** THE PROBLEM **
Every entry must be reproduced word for word.

** DATA EXTRACTS **
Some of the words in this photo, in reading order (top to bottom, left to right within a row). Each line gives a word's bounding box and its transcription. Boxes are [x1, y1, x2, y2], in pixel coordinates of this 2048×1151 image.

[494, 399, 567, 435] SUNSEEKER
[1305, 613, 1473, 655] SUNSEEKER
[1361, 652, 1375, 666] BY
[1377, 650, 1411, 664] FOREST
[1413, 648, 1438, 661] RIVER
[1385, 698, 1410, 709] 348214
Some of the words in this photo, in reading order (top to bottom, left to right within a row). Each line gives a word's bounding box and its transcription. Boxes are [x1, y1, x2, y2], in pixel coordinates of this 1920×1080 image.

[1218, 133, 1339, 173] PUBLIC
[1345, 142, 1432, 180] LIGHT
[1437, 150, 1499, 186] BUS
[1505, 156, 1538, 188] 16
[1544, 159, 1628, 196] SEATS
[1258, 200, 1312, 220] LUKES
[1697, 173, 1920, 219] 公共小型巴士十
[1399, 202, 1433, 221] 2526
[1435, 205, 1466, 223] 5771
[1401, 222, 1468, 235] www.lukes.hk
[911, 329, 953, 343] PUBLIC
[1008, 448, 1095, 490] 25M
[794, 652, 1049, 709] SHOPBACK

** THE COMPLETED TASK **
Some of the words in this photo, in reading order (top to bottom, left to right within a row). Each line gives a word's bounding box and its transcription. Boxes are [x1, y1, x2, y2], in pixel coordinates of this 2048×1151 image.

[494, 399, 567, 435] SUNSEEKER
[1305, 613, 1473, 655] SUNSEEKER
[1361, 652, 1375, 666] BY
[1377, 650, 1411, 664] FOREST
[1413, 648, 1438, 661] RIVER
[1385, 698, 1410, 709] 348214
Some of the words in this photo, in reading order (top to bottom, left to right within a row). Each line gives a word's bounding box and its transcription. Boxes are [x1, y1, x2, y2], in pixel coordinates of this 1920×1080 image.

[1218, 133, 1339, 173] PUBLIC
[1345, 142, 1432, 180] LIGHT
[1437, 150, 1499, 186] BUS
[1505, 156, 1538, 188] 16
[1544, 159, 1628, 196] SEATS
[1258, 200, 1312, 220] LUKES
[1697, 173, 1920, 219] 公共小型巴士十
[1399, 202, 1433, 221] 2526
[1435, 205, 1466, 223] 5771
[1401, 222, 1468, 235] www.lukes.hk
[911, 329, 953, 343] PUBLIC
[1008, 448, 1095, 490] 25M
[794, 652, 1049, 709] SHOPBACK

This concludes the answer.